▶ EXERCISE DESCRIPTION
An image-free, verbatim transcription of the records is the expected result.

▶ EXERCISE MATERIAL
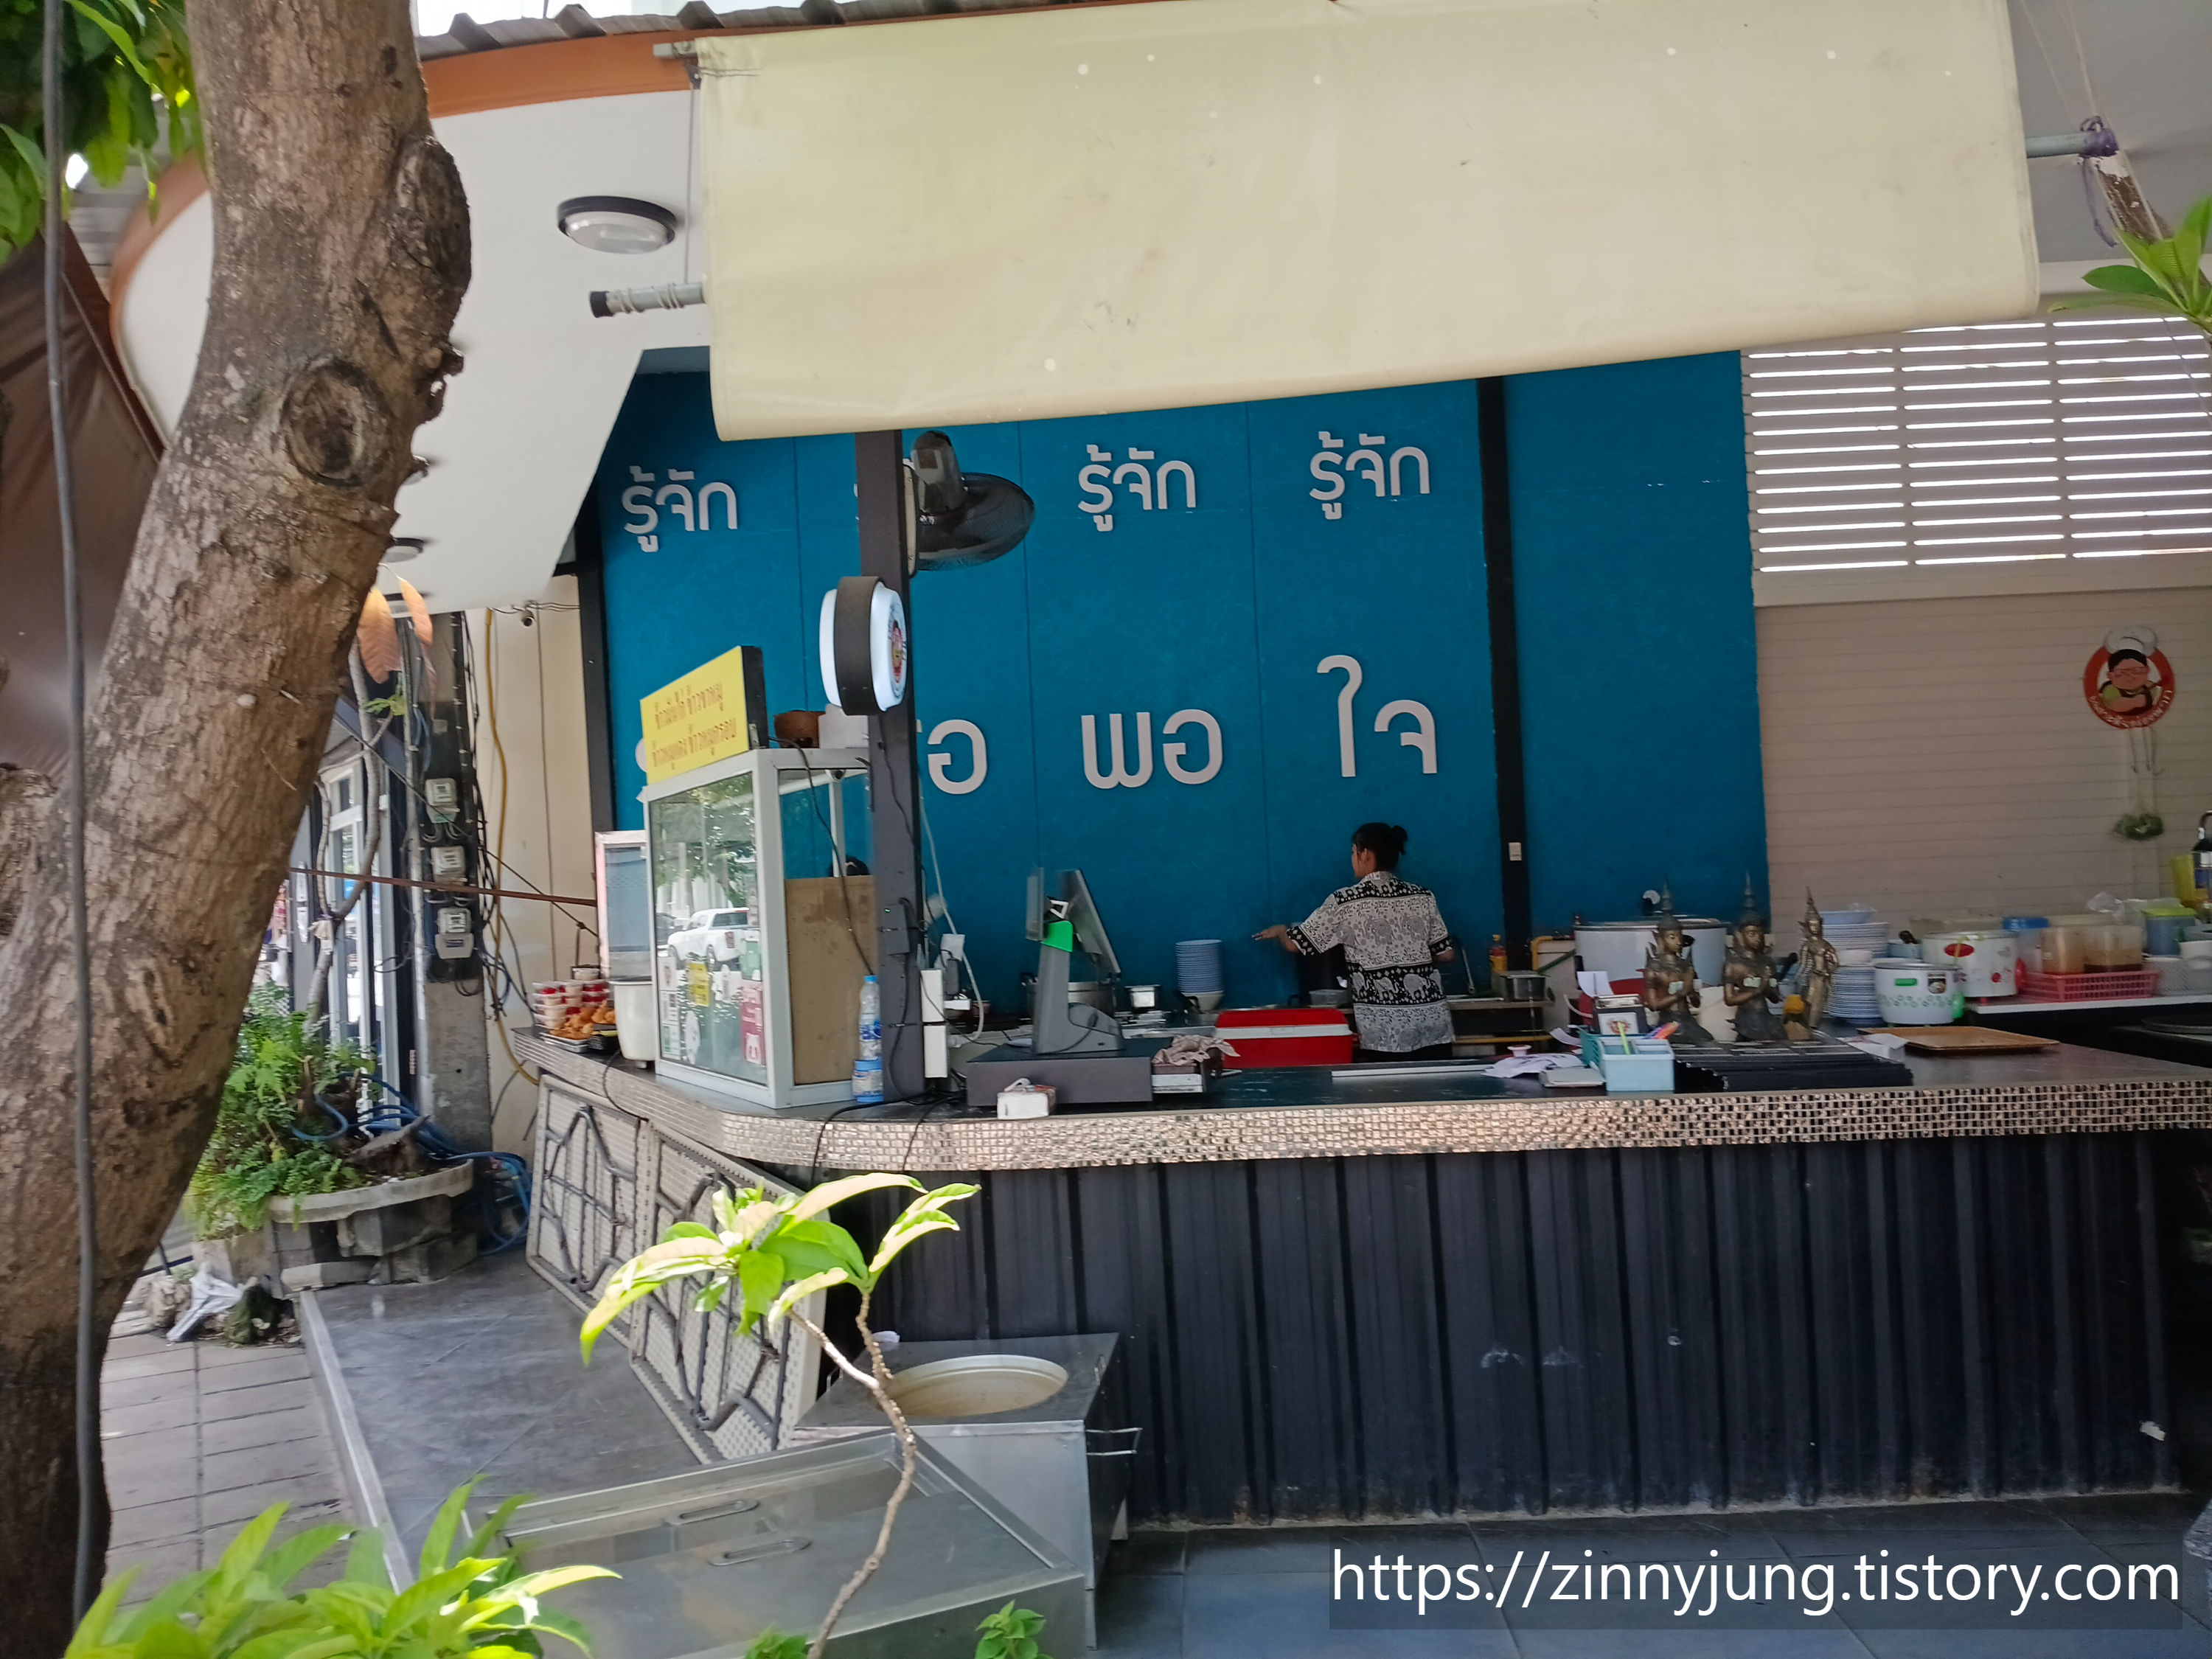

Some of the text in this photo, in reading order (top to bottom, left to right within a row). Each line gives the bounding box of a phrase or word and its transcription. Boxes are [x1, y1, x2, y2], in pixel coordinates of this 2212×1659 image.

[621, 431, 1430, 552] รู้จัก รู้จัก รู้จัก
[917, 655, 1437, 795] อ พอ ใจ
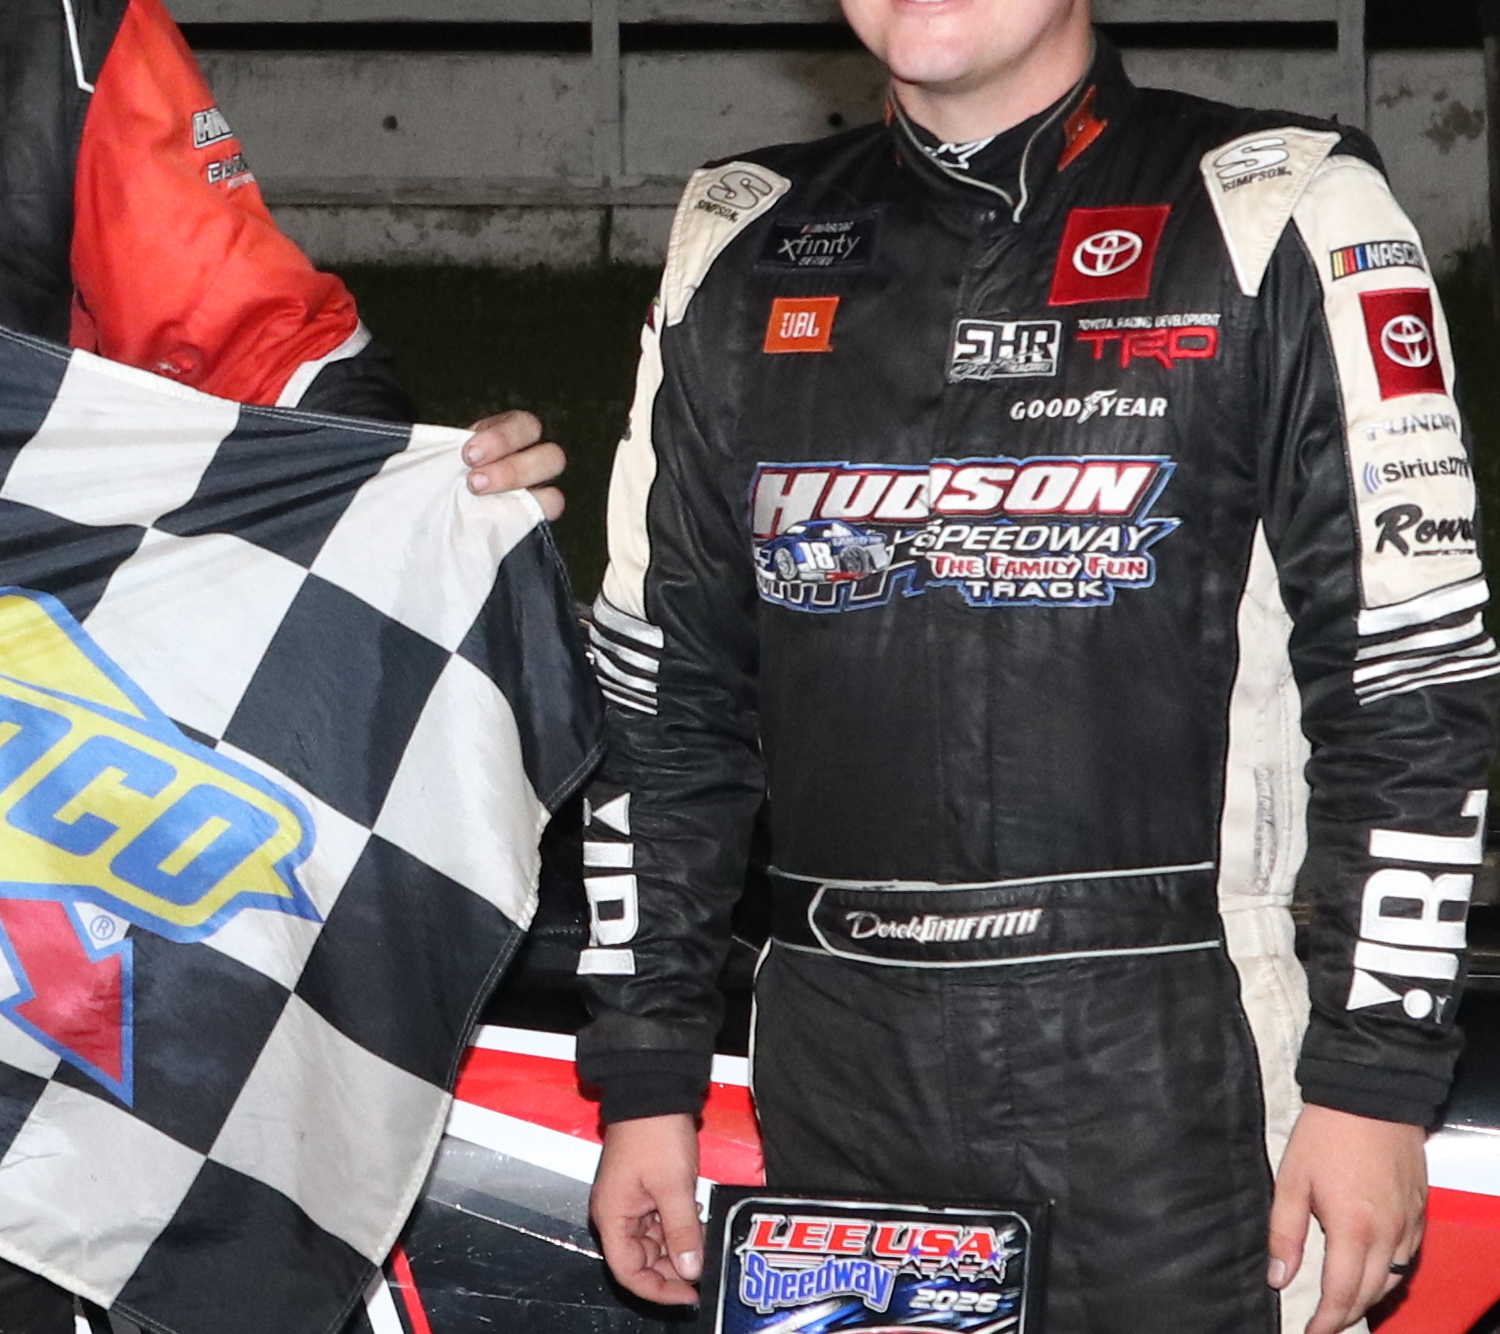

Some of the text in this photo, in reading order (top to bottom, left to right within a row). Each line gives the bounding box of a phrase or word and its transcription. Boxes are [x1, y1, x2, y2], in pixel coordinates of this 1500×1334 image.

[777, 230, 861, 261] xfinity
[779, 310, 821, 340] JBL
[1075, 326, 1220, 369] TRD
[752, 463, 1162, 538] HUDSON
[798, 540, 838, 571] 18
[898, 524, 1159, 556] SPEEDWAY
[963, 578, 1107, 599] TRACK
[919, 907, 1044, 943] GRIFFITH
[750, 1214, 1001, 1265] LEE USA
[743, 1252, 895, 1310] Speedway
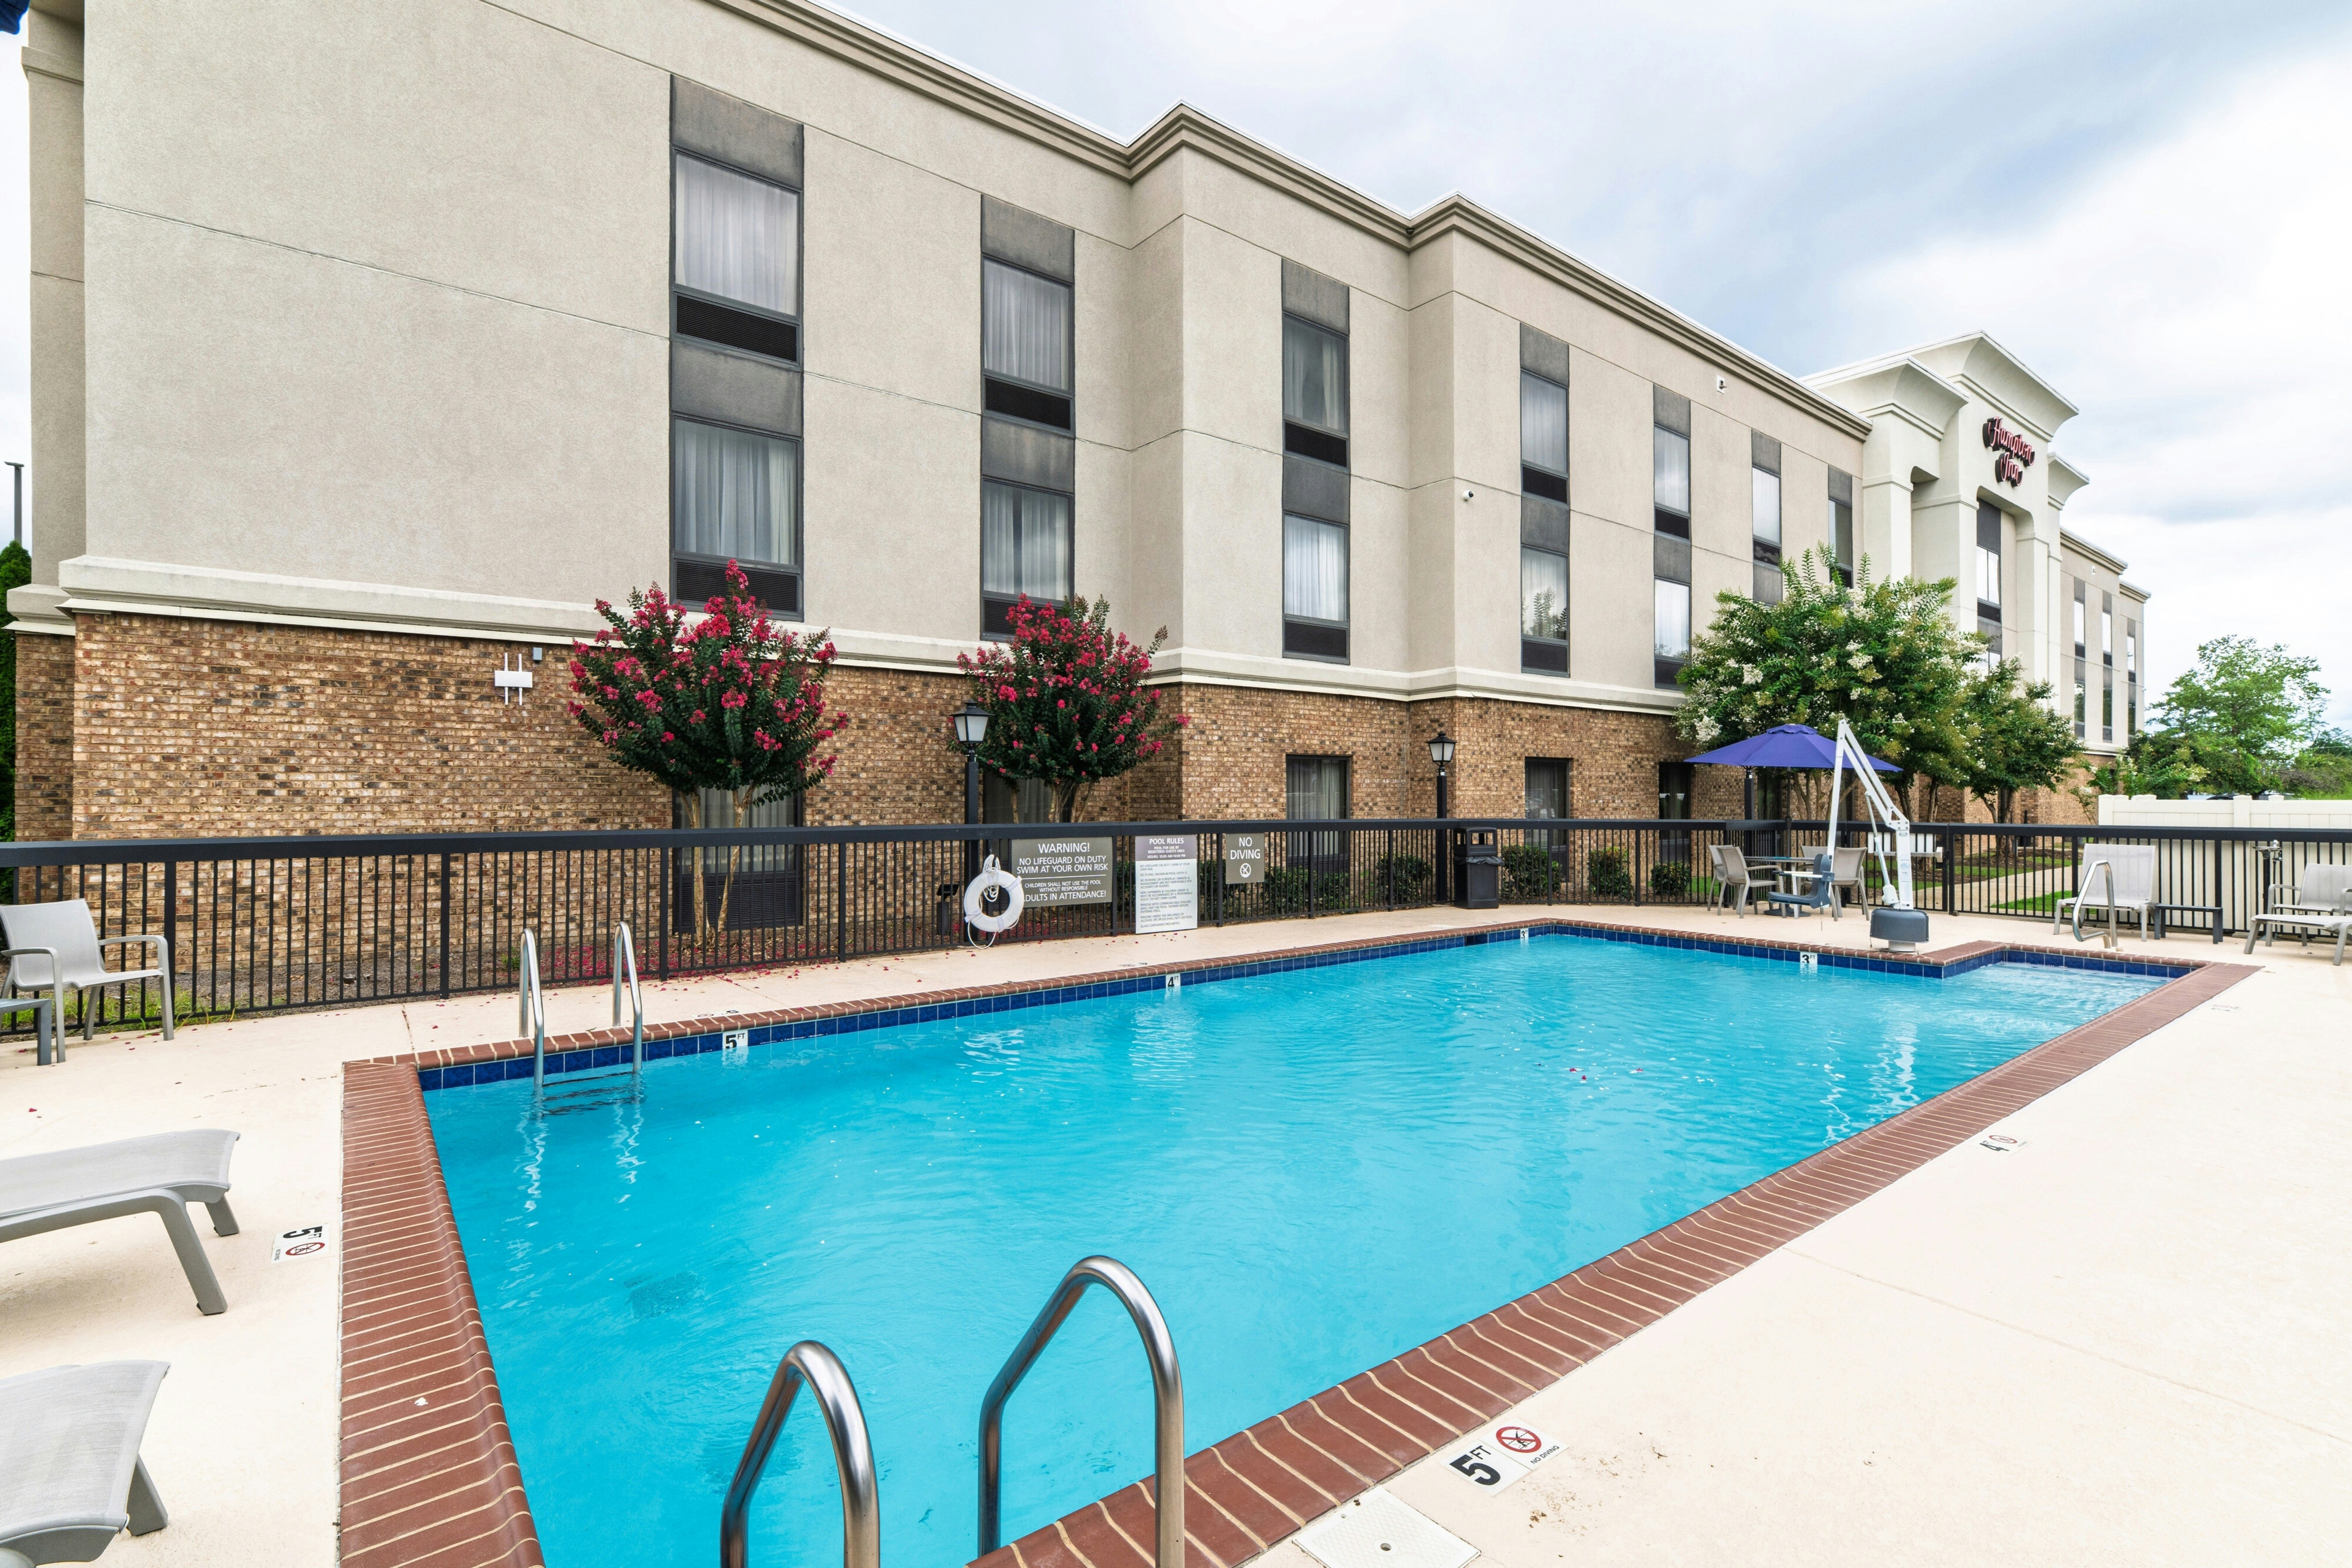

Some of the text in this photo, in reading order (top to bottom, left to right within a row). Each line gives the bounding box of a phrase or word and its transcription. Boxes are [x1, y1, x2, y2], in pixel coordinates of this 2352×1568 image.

[1984, 416, 2035, 466] Hampton
[1997, 452, 2022, 486] Inn
[1239, 837, 1252, 846] NO
[1038, 843, 1090, 853] WARNING!
[1231, 849, 1260, 860] DIVING
[1033, 857, 1072, 865] LIFEGUARD
[1025, 893, 1047, 902] DULTS
[1059, 890, 1106, 900] ATTENDANCE!
[1802, 955, 1809, 963] 3
[1168, 977, 1174, 987] 4
[726, 1034, 737, 1049] 5
[283, 1226, 323, 1238] 5
[1540, 1446, 1559, 1458] DIVING
[1449, 1445, 1501, 1486] 5 FT

▶ WRITTEN SOLUTION
Some of the text in this photo, in reading order (top to bottom, left to right within a row). Each line gives the bounding box of a phrase or word and its transcription. Boxes are [x1, y1, x2, y2], in pixel coordinates of this 2212×1659 image.

[621, 431, 1430, 552] รู้จัก รู้จัก รู้จัก
[917, 655, 1437, 795] อ พอ ใจ

Some of the text in this photo, in reading order (top to bottom, left to right within a row). Each line gives the bounding box of a phrase or word and its transcription. Boxes are [x1, y1, x2, y2], in pixel coordinates of this 1500×1334 image.

[777, 230, 861, 261] xfinity
[779, 310, 821, 340] JBL
[1075, 326, 1220, 369] TRD
[752, 463, 1162, 538] HUDSON
[798, 540, 838, 571] 18
[898, 524, 1159, 556] SPEEDWAY
[963, 578, 1107, 599] TRACK
[919, 907, 1044, 943] GRIFFITH
[750, 1214, 1001, 1265] LEE USA
[743, 1252, 895, 1310] Speedway

Some of the text in this photo, in reading order (top to bottom, left to right within a row). Each line gives the bounding box of a phrase or word and its transcription. Boxes are [x1, y1, x2, y2], in pixel coordinates of this 2352×1568 image.

[1984, 416, 2035, 466] Hampton
[1997, 452, 2022, 486] Inn
[1239, 837, 1252, 846] NO
[1038, 843, 1090, 853] WARNING!
[1231, 849, 1260, 860] DIVING
[1033, 857, 1072, 865] LIFEGUARD
[1025, 893, 1047, 902] DULTS
[1059, 890, 1106, 900] ATTENDANCE!
[1802, 955, 1809, 963] 3
[1168, 977, 1174, 987] 4
[726, 1034, 737, 1049] 5
[283, 1226, 323, 1238] 5
[1540, 1446, 1559, 1458] DIVING
[1449, 1445, 1501, 1486] 5 FT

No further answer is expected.